Assignment |
Reproduce the records below word for word.
(Records for processing Opens)
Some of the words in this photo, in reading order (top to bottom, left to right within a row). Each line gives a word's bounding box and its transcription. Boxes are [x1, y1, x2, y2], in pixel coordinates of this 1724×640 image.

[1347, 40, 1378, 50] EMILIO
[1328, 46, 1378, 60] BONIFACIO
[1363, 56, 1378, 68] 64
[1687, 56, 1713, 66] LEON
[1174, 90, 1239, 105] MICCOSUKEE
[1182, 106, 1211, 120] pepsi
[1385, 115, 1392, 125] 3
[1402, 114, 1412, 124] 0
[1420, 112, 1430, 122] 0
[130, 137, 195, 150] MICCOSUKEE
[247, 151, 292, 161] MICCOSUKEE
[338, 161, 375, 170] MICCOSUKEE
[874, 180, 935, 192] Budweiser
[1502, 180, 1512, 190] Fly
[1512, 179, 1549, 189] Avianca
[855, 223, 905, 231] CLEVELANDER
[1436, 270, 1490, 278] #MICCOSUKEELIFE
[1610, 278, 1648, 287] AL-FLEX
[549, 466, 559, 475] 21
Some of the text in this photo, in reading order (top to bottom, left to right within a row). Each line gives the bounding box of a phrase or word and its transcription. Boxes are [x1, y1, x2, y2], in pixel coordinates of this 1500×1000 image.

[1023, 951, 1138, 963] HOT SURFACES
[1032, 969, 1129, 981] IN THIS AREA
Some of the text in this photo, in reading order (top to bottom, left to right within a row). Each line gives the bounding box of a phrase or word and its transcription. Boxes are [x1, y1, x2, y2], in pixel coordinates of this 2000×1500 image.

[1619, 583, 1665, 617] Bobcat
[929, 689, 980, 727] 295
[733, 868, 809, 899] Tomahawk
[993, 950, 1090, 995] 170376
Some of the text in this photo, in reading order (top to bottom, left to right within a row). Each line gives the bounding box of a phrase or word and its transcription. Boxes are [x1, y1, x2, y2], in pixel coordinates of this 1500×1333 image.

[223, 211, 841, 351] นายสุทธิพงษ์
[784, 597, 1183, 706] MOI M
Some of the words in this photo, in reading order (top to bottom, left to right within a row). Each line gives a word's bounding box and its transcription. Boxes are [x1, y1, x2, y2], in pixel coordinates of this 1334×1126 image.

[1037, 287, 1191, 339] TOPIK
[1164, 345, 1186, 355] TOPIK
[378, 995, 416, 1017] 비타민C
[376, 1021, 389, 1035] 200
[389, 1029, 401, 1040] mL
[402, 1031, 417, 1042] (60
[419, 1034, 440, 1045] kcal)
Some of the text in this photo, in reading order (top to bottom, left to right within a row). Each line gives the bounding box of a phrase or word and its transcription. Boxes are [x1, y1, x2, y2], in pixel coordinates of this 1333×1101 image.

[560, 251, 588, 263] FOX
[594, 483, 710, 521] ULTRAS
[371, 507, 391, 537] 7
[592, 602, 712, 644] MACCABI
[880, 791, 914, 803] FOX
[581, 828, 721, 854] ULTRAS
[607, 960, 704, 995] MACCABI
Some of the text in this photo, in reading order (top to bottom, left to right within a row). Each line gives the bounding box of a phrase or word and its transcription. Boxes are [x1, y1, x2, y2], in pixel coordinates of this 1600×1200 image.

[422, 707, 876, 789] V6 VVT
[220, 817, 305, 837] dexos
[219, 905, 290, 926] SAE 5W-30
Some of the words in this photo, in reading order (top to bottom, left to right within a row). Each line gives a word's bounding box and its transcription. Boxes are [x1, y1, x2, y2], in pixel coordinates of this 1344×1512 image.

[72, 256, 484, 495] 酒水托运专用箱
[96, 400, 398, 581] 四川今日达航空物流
(Records for processing Closes)
Exercise answer |
Some of the words in this photo, in reading order (top to bottom, left to right within a row). Each line gives a word's bounding box and its transcription. Boxes are [x1, y1, x2, y2], in pixel coordinates of this 1724×640 image.

[1347, 40, 1378, 50] EMILIO
[1328, 46, 1378, 60] BONIFACIO
[1363, 56, 1378, 68] 64
[1687, 56, 1713, 66] LEON
[1174, 90, 1239, 105] MICCOSUKEE
[1182, 106, 1211, 120] pepsi
[1385, 115, 1392, 125] 3
[1402, 114, 1412, 124] 0
[1420, 112, 1430, 122] 0
[130, 137, 195, 150] MICCOSUKEE
[247, 151, 292, 161] MICCOSUKEE
[338, 161, 375, 170] MICCOSUKEE
[874, 180, 935, 192] Budweiser
[1502, 180, 1512, 190] Fly
[1512, 179, 1549, 189] Avianca
[855, 223, 905, 231] CLEVELANDER
[1436, 270, 1490, 278] #MICCOSUKEELIFE
[1610, 278, 1648, 287] AL-FLEX
[549, 466, 559, 475] 21
Some of the text in this photo, in reading order (top to bottom, left to right within a row). Each line gives the bounding box of a phrase or word and its transcription. Boxes are [x1, y1, x2, y2], in pixel coordinates of this 1500×1000 image.

[1023, 951, 1138, 963] HOT SURFACES
[1032, 969, 1129, 981] IN THIS AREA
Some of the text in this photo, in reading order (top to bottom, left to right within a row). Each line gives the bounding box of a phrase or word and its transcription. Boxes are [x1, y1, x2, y2], in pixel coordinates of this 2000×1500 image.

[1619, 583, 1665, 617] Bobcat
[929, 689, 980, 727] 295
[733, 868, 809, 899] Tomahawk
[993, 950, 1090, 995] 170376
Some of the text in this photo, in reading order (top to bottom, left to right within a row). Each line gives the bounding box of a phrase or word and its transcription. Boxes are [x1, y1, x2, y2], in pixel coordinates of this 1500×1333 image.

[223, 211, 841, 351] นายสุทธิพงษ์
[784, 597, 1183, 706] MOI M
Some of the words in this photo, in reading order (top to bottom, left to right within a row). Each line gives a word's bounding box and its transcription. Boxes are [x1, y1, x2, y2], in pixel coordinates of this 1334×1126 image.

[1037, 287, 1191, 339] TOPIK
[1164, 345, 1186, 355] TOPIK
[378, 995, 416, 1017] 비타민C
[376, 1021, 389, 1035] 200
[389, 1029, 401, 1040] mL
[402, 1031, 417, 1042] (60
[419, 1034, 440, 1045] kcal)
Some of the text in this photo, in reading order (top to bottom, left to right within a row). Each line gives the bounding box of a phrase or word and its transcription. Boxes are [x1, y1, x2, y2], in pixel coordinates of this 1333×1101 image.

[560, 251, 588, 263] FOX
[594, 483, 710, 521] ULTRAS
[371, 507, 391, 537] 7
[592, 602, 712, 644] MACCABI
[880, 791, 914, 803] FOX
[581, 828, 721, 854] ULTRAS
[607, 960, 704, 995] MACCABI
Some of the text in this photo, in reading order (top to bottom, left to right within a row). Each line gives the bounding box of a phrase or word and its transcription. Boxes are [x1, y1, x2, y2], in pixel coordinates of this 1600×1200 image.

[422, 707, 876, 789] V6 VVT
[220, 817, 305, 837] dexos
[219, 905, 290, 926] SAE 5W-30
Some of the words in this photo, in reading order (top to bottom, left to right within a row). Each line gives a word's bounding box and its transcription. Boxes are [x1, y1, x2, y2], in pixel coordinates of this 1344×1512 image.

[72, 256, 484, 495] 酒水托运专用箱
[96, 400, 398, 581] 四川今日达航空物流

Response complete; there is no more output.